Chapter XXXI
 

A letter from Jack Glover arrived the next morning. He had had an easy journey, was glad to have had the opportunity of seeing Lydia, and hoped she would think over the will. Lydia was not thinking of wills, but of an excuse to get back to London. Of a sudden the loveliness of Monte Carlo had palled upon her, and she had almost forgotten the circumstances which had made the change of scene and climate so welcome.

"Go back to London, my dear?" said Mrs. Cole-Mortimer, shocked. "What a--a rash notion! Why it is freezing in town and foggy and ... and I really can't let you go back!"
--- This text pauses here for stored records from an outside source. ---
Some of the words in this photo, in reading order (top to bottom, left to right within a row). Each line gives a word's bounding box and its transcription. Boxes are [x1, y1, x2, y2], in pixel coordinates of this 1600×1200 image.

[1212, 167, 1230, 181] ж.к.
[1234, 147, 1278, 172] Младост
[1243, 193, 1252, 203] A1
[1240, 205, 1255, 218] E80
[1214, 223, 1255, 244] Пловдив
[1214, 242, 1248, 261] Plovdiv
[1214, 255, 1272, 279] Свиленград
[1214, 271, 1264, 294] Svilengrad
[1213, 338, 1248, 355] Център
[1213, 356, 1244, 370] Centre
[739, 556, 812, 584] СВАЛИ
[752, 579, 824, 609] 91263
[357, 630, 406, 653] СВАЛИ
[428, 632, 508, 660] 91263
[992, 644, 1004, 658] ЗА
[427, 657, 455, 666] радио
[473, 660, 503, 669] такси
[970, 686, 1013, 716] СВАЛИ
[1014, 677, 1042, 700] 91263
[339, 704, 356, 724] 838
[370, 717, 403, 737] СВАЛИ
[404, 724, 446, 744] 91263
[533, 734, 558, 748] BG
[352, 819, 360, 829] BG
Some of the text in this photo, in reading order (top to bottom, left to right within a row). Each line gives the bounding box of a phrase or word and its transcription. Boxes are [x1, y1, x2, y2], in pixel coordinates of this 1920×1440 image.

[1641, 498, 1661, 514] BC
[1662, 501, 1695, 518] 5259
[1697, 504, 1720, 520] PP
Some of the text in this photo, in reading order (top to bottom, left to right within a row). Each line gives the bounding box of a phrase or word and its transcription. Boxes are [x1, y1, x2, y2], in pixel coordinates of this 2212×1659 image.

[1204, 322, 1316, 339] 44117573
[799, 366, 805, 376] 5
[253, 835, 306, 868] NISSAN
Mrs. Cole-Mortimer was agitated at the very thought. Her own good time on the Riviera depended upon Lydia staying. Jean had made that point very clear. She, herself, she explained to her discomforted hostess, was ready to go back at once, and the prolongation of Mrs. Cole-Mortimer's stay depended upon Lydia's plans. A startling switch of cause and effect, for Mrs. Cole-Mortimer had understood that Jean's will controlled the plans of the party.

Lydia might have insisted, had she really known the reason for her sudden longing for the grimy metropolis. But she could not even convince herself that the charms of Monte Carlo were contingent upon the presence there of a man who had aroused her furious indignation and with whom she had spent most of the time quarrelling. She mentioned her unrest to Jean, and Jean as usual seemed to understand.

"The Riviera is rather like Turkish Delight--very sweet, but unsatisfying," she said. "Stay another week and then if you feel that way we'll all go home together."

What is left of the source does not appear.